Voice 4: A voice of unknown quality, but if you had to describe it, it would sound like Voice 3 imitating Voice 2.
00:05:25
Voice 1: According to Greek mythology, there are two ways to escape death by Sirens. The first option is to look out to sea with open eyes and with your ears plugged with wax. The second option is to tie yourself to the mast, blindfolded, and let the song wash over you as the ship sails ahead. Irena Haiduk seeks another way, drawing us closer to the Sirens.
00:32:26
00:39:35
Voice 2: Sirens are divine creatures whose singing and silence is irresistible. In some versions of the myth, Sirens are cannibals, but most contemporary scholarship explains that they simply don’t need to eat because they’re divine. The sailors do not nourish them; instead, the Sirens waste the sailors to death by immobilizing them by waiting. CANVAS [the Center for Applied Nonviolent Action and Strategies] leaves behind a similar state of waiting in countries where it operates, whether Ukraine, Burma, Tunisia, Egypt, Turkey, Ukraine again, Syria, or Iran. The benefits of idealized capitalism and dreamt-of democracy seem imminent but they never arrive. These countries are left to waste.
00:43:52
Voice 2: In this moment, Rachel [the replicant from Blade Runner] is a voice of both past and the future – Sirenic, since the Sirens know all past and future; they are out of time…They are uncanny…I wanted people to be seduced by the voices – not only because they are incredible voices, but also because thy are familiar. It’s an uncanny effect in that very moment, similar to the uncanny feeling when you walk in and see the Siren figures that appear to be alive.
00:53:33
Voice 1: As much as your project at the Renaissance Society is a very oral artwork, it’s also very visual. The way you’ve done the waiting room, it’s very meticulous. The shade of purple, for example, was very particular. There also the Sirens with their black dresses and their bodies painted different Mediterranean complexions.
00:55:40
Voice 2: The beautiful women carrying the books are walking around us every ten minutes during this talk, keeping time, making a clock. They make twelve women total when we added the seated statues in the exhibition. The reclining women in the gallery are of Mediterranean complexion. They’re from close to the Sirens’ islands and their skin is their proof. In another way, they are like Sirens, too: they are non-aligned. Historically, this idea of Non-Alignment was meant to be a way to evade the Cold War, as certain smaller countries changed the rules of the game rather than aligning with one of the superpowers. (Yugoslavia was one of the founders of the movement and one of the only countries in Europe to join.) Non-alignment as non-allegiance is also emblematic of the Sirens, who live in a perpetual present, unable too see the past or future but gazing upon the movement of the markets. Financial assets are the only things in the world, aside from data flows that carry them, that have true freedom of movement.
01:33:20
Voice 3: Soon, you’ll find nods to Greek Mythology: the mannequins and so too the models (the same things) you are about to see, after all, function like Sirens, they tempt you into the empty space of the gallery, singing you a song, a song that sounds like an exchange between human machines, a conversation you hear in warm waves. Their bodies are luxurious and languid. They are as lifelike as they can be, and they have names: Christy, Rachel…Names that belong to the models from whose bodies they are cast. In Chicago, in the near dark, you might not be able to tell, in fact, if they are living or not, at least not at first. You also won’t be able to tell if those who are with you, listening, but not seeing (much) are living or more mannequin-Siren-things.

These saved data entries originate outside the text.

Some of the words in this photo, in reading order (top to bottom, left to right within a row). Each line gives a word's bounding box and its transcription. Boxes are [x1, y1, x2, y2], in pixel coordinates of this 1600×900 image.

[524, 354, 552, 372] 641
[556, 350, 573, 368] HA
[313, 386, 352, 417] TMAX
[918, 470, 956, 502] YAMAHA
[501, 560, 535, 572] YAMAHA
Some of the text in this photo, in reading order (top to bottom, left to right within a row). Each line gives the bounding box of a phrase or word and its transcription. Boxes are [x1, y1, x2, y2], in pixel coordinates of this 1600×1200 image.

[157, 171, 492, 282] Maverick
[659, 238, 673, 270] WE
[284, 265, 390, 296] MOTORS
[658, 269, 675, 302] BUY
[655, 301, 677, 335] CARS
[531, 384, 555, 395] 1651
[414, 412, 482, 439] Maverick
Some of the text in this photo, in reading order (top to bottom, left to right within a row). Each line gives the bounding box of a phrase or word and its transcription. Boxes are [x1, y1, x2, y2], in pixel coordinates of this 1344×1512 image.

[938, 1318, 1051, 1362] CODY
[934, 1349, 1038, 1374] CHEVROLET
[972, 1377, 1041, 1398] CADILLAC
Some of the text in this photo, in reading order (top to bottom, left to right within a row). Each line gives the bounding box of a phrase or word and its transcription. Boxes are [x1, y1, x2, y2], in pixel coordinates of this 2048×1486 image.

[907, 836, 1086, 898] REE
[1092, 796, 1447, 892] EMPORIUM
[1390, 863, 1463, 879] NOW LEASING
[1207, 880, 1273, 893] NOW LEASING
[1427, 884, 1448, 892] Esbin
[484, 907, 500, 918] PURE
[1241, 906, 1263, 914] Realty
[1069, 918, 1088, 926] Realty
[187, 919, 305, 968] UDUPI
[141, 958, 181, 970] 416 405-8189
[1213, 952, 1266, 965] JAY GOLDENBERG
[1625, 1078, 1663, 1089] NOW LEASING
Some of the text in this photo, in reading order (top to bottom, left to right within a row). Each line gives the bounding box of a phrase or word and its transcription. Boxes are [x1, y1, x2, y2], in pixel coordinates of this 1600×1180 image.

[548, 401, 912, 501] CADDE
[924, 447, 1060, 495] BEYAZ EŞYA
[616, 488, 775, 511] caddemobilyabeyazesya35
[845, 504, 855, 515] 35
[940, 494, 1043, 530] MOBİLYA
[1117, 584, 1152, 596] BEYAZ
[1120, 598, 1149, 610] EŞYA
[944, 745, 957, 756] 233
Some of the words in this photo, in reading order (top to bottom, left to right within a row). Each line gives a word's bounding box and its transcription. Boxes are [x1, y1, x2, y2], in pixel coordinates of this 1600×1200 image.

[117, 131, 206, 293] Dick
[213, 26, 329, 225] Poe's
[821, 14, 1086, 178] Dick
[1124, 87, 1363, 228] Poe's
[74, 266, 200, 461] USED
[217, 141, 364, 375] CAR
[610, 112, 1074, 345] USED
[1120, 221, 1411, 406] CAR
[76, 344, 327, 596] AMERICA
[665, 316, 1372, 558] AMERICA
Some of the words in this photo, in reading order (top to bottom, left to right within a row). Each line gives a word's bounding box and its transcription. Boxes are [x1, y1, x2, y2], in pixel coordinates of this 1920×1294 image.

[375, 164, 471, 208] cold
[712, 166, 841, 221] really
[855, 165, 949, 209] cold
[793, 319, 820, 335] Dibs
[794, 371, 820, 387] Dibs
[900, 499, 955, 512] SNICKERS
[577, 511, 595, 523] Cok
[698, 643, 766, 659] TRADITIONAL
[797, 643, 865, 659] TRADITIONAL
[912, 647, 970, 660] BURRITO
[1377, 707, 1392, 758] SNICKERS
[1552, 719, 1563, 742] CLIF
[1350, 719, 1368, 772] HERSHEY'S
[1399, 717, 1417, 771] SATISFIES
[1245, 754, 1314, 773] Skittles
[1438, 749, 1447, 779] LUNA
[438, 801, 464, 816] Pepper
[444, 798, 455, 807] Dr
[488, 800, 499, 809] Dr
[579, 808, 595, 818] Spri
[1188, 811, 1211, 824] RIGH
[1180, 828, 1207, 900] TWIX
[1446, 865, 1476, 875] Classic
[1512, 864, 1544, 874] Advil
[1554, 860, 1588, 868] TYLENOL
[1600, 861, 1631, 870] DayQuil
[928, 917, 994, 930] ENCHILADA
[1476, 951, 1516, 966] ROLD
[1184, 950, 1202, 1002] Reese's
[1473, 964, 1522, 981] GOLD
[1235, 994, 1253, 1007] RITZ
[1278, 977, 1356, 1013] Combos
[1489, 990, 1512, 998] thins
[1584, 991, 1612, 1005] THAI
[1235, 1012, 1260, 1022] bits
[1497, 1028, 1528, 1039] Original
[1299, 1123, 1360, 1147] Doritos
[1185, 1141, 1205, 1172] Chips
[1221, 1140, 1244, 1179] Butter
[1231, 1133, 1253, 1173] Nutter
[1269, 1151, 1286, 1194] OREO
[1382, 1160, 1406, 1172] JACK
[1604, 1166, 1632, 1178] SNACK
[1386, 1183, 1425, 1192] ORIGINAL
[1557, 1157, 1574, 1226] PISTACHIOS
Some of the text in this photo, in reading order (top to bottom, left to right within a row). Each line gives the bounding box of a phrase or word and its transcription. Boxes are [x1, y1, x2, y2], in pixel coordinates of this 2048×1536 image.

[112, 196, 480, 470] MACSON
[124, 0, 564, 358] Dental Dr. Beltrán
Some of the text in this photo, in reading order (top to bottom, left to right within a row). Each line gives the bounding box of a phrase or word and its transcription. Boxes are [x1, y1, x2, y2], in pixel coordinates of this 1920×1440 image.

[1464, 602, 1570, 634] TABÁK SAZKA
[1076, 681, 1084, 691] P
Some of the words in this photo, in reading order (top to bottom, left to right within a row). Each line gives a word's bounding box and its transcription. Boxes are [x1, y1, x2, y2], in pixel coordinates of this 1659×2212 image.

Voice 4: The Artist’s work is so damn complete. How do I enter? This I remember thinking when we spoke, though maybe I didn’t: there is nothing left to chance. Every detail, every historical fact, every coincidental translation, every symbolic assertion is there in the armature, the apparatus, the conversation-song sung by
01:37:12
Voice 3: So, then, it also makes sense that in Seductive Exacting Realism, there are as many clever nods to the fashion, products, and pictures of popular culture as there are to the high literature that pretends to distract the Sirens from their work. The Sirens, these model-mannequins made to appear even ore seductive than the real-life models whose bodies their plastic figures copy.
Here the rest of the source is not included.